▶ [PROBLEM REQUIREMENTS]: Each entry is to be given again word for word; images are dropped.
──────── MATERIAL FOR THE TASK
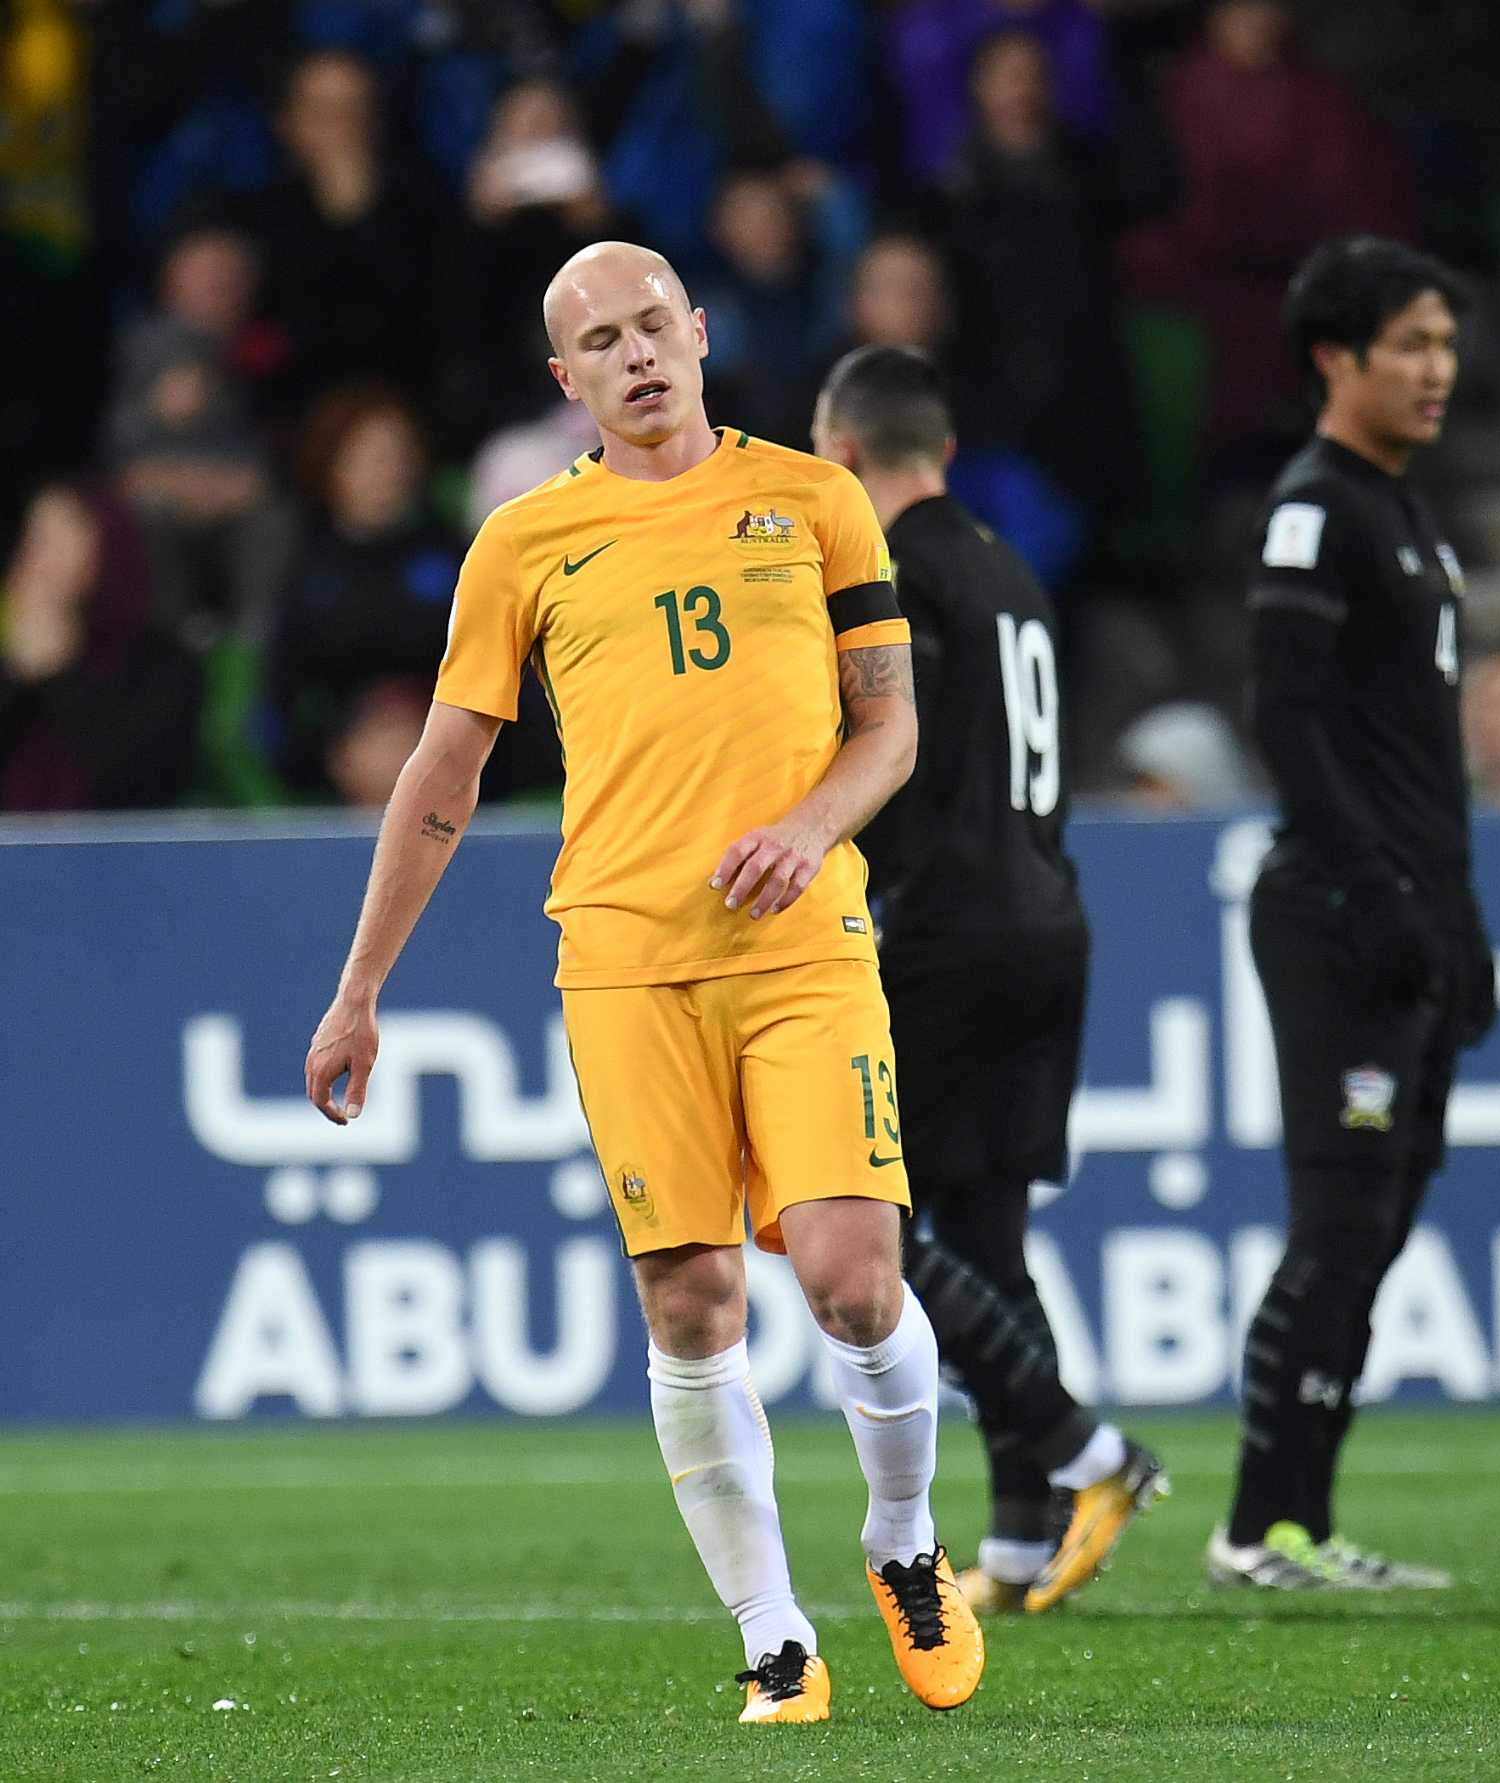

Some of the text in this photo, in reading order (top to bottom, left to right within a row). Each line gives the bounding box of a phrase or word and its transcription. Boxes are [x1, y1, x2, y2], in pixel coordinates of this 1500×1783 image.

[655, 585, 731, 676] 13
[996, 611, 1060, 817] 19
[851, 1054, 899, 1145] 13
[196, 1235, 621, 1420] ABU
[743, 1228, 1290, 1408] DBI
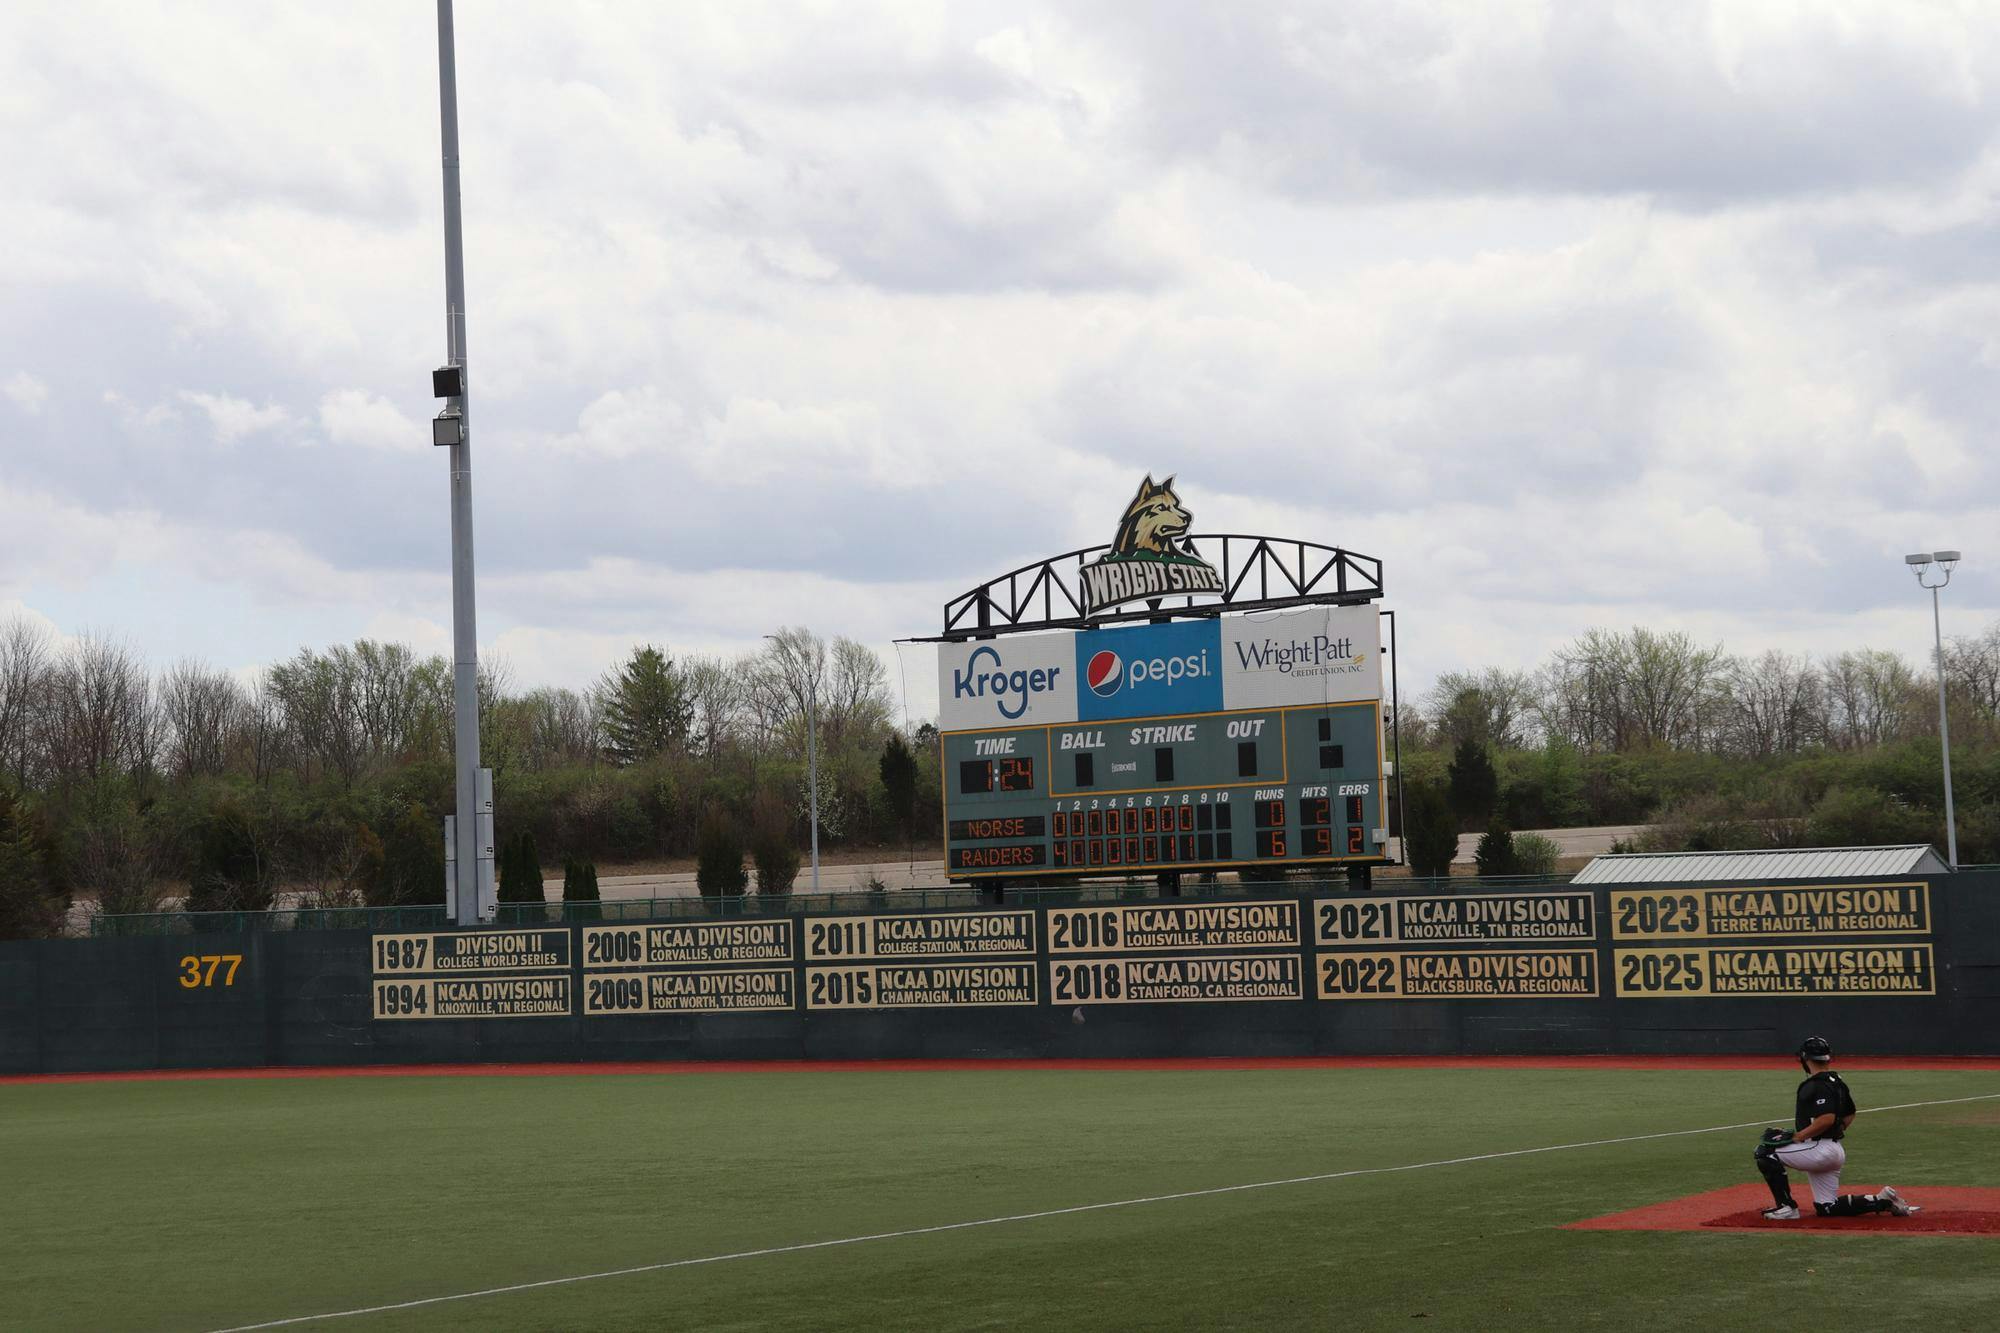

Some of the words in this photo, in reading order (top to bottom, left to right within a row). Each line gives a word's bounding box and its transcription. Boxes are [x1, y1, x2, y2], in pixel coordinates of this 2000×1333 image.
────────────────
▶ [OUTPUT FOR THIS TASK]:
Some of the text in this photo, in reading order (top to bottom, left to right within a row). Each line gives the bounding box of a phrase or word and its transcription. Boxes are [x1, y1, x2, y2], in pixel coordinates of this 1500×1783 image.

[655, 585, 731, 676] 13
[996, 611, 1060, 817] 19
[851, 1054, 899, 1145] 13
[196, 1235, 621, 1420] ABU
[743, 1228, 1290, 1408] DBI

Some of the words in this photo, in reading order (top to bottom, left to right within a row). Each line gives a word's bounding box and its transcription. Boxes are [x1, y1, x2, y2], in pixel coordinates of this 2000×1333 image.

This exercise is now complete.